* _Task goal_: Write out the listing below in its entirety, minus the pictures, without changing a word.

* _Records to process_:
--- START ---
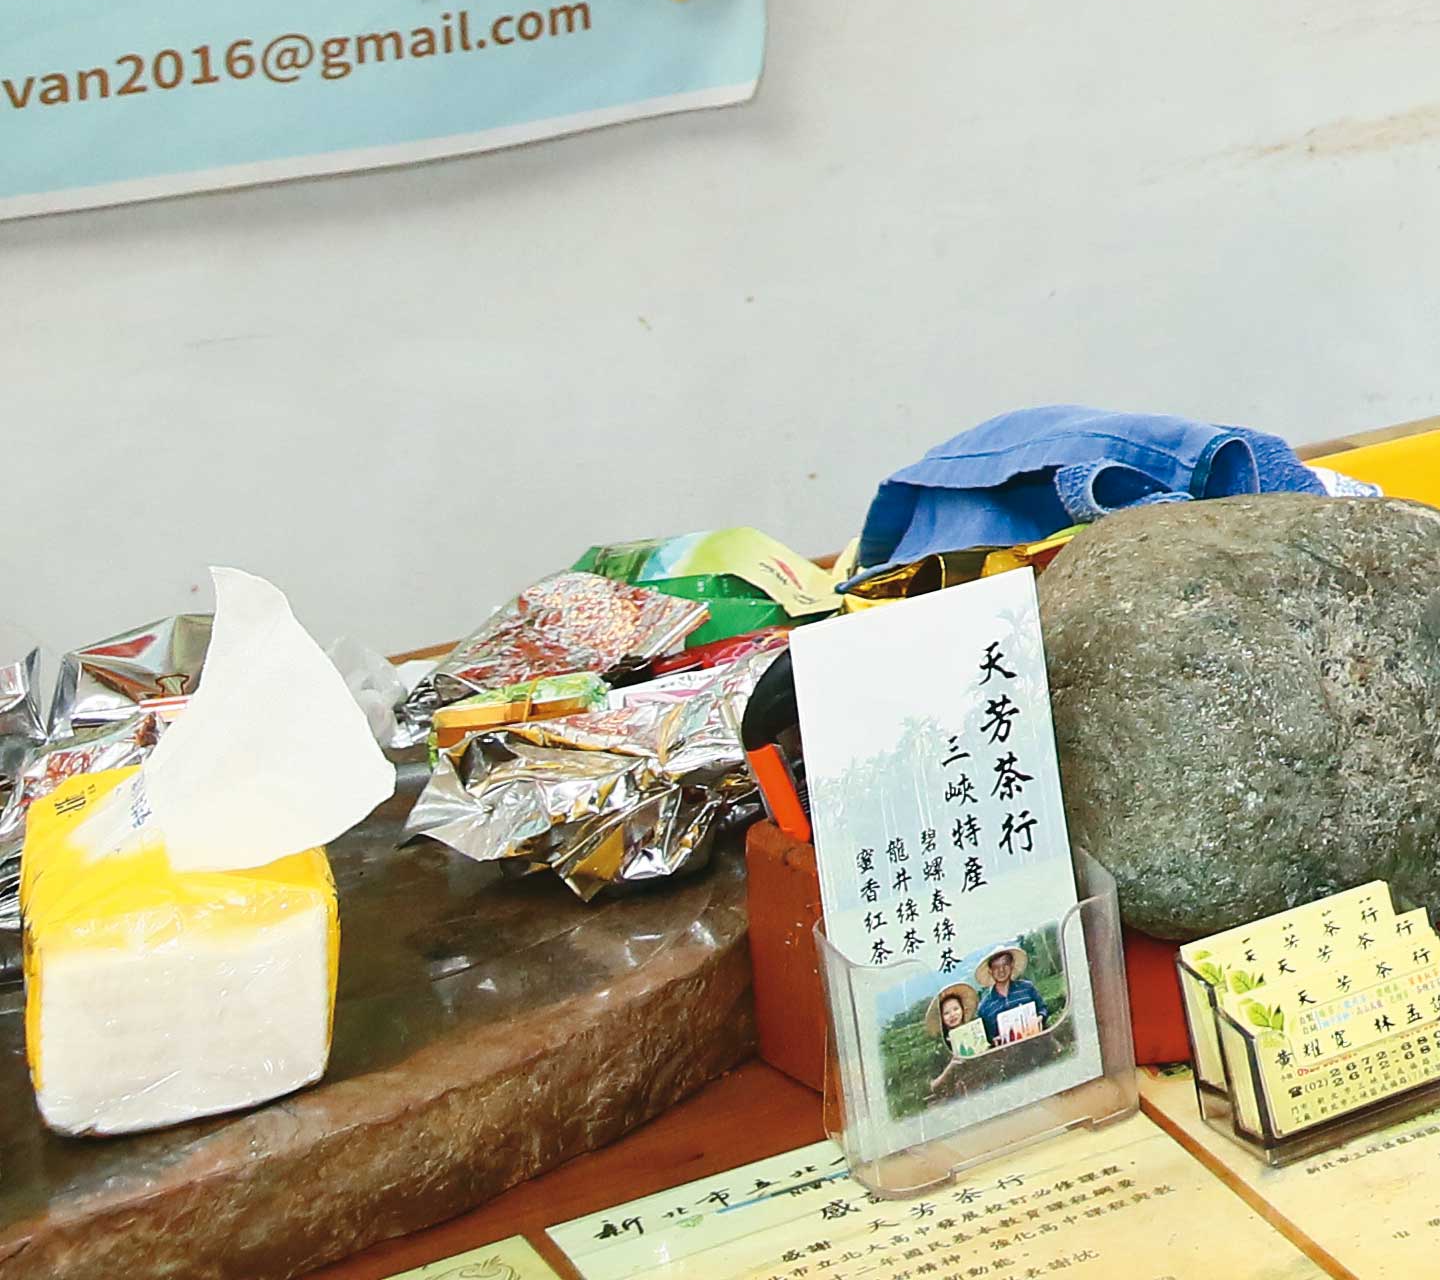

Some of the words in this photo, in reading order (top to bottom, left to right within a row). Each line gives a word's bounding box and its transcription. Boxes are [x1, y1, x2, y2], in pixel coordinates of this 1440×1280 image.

[1, 1, 593, 110] van2016@gmail.com
[977, 640, 1039, 855] 天芳茶行
[942, 735, 990, 894] 三峽特產
[854, 847, 894, 966] 蜜香紅茶
[885, 836, 927, 956] 龍井綠茶
[920, 826, 963, 976] 碧螺春綠茶
[1297, 947, 1433, 1006] 天芳茶行
[1304, 1080, 1329, 1094] (02)
[594, 1156, 845, 1240] 新北市立北
[781, 1239, 833, 1263] 感謝
[867, 1172, 1026, 1234] 天芳茶行
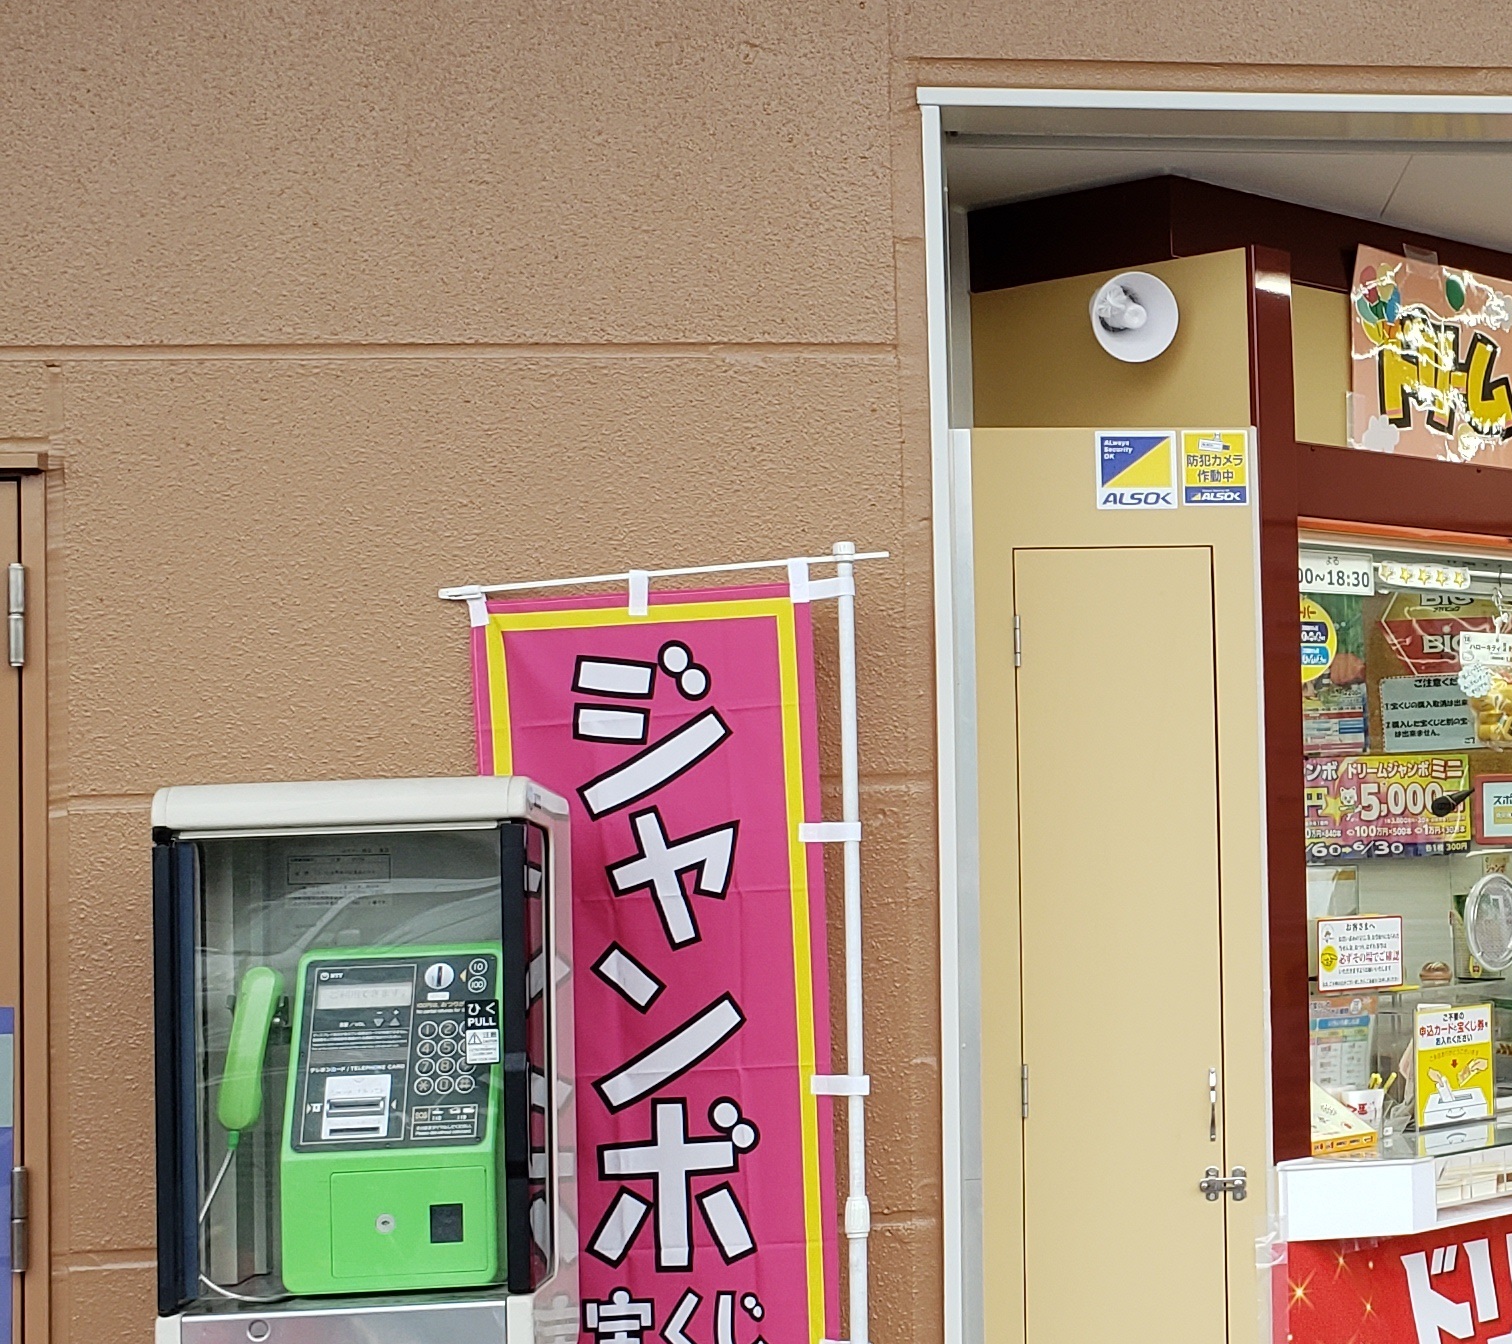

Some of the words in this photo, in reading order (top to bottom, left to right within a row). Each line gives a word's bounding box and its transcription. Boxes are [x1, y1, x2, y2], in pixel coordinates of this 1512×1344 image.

[1187, 454, 1243, 468] 防犯カメラ
[1197, 469, 1234, 483] 作動中
[1102, 492, 1172, 506] ALSOK
[1201, 492, 1241, 501] ALSOK
[572, 640, 759, 1274] ジャンボ
[467, 1002, 496, 1016] ひく
[467, 1016, 497, 1027] PULL
--- END ---
* _Exercise result_:
Some of the words in this photo, in reading order (top to bottom, left to right within a row). Each line gives a word's bounding box and its transcription. Boxes are [x1, y1, x2, y2], in pixel coordinates of this 1440×1280 image.

[1, 1, 593, 110] van2016@gmail.com
[977, 640, 1039, 855] 天芳茶行
[942, 735, 990, 894] 三峽特產
[854, 847, 894, 966] 蜜香紅茶
[885, 836, 927, 956] 龍井綠茶
[920, 826, 963, 976] 碧螺春綠茶
[1297, 947, 1433, 1006] 天芳茶行
[1304, 1080, 1329, 1094] (02)
[594, 1156, 845, 1240] 新北市立北
[781, 1239, 833, 1263] 感謝
[867, 1172, 1026, 1234] 天芳茶行

Some of the words in this photo, in reading order (top to bottom, left to right within a row). Each line gives a word's bounding box and its transcription. Boxes are [x1, y1, x2, y2], in pixel coordinates of this 1512×1344 image.

[1187, 454, 1243, 468] 防犯カメラ
[1197, 469, 1234, 483] 作動中
[1102, 492, 1172, 506] ALSOK
[1201, 492, 1241, 501] ALSOK
[572, 640, 759, 1274] ジャンボ
[467, 1002, 496, 1016] ひく
[467, 1016, 497, 1027] PULL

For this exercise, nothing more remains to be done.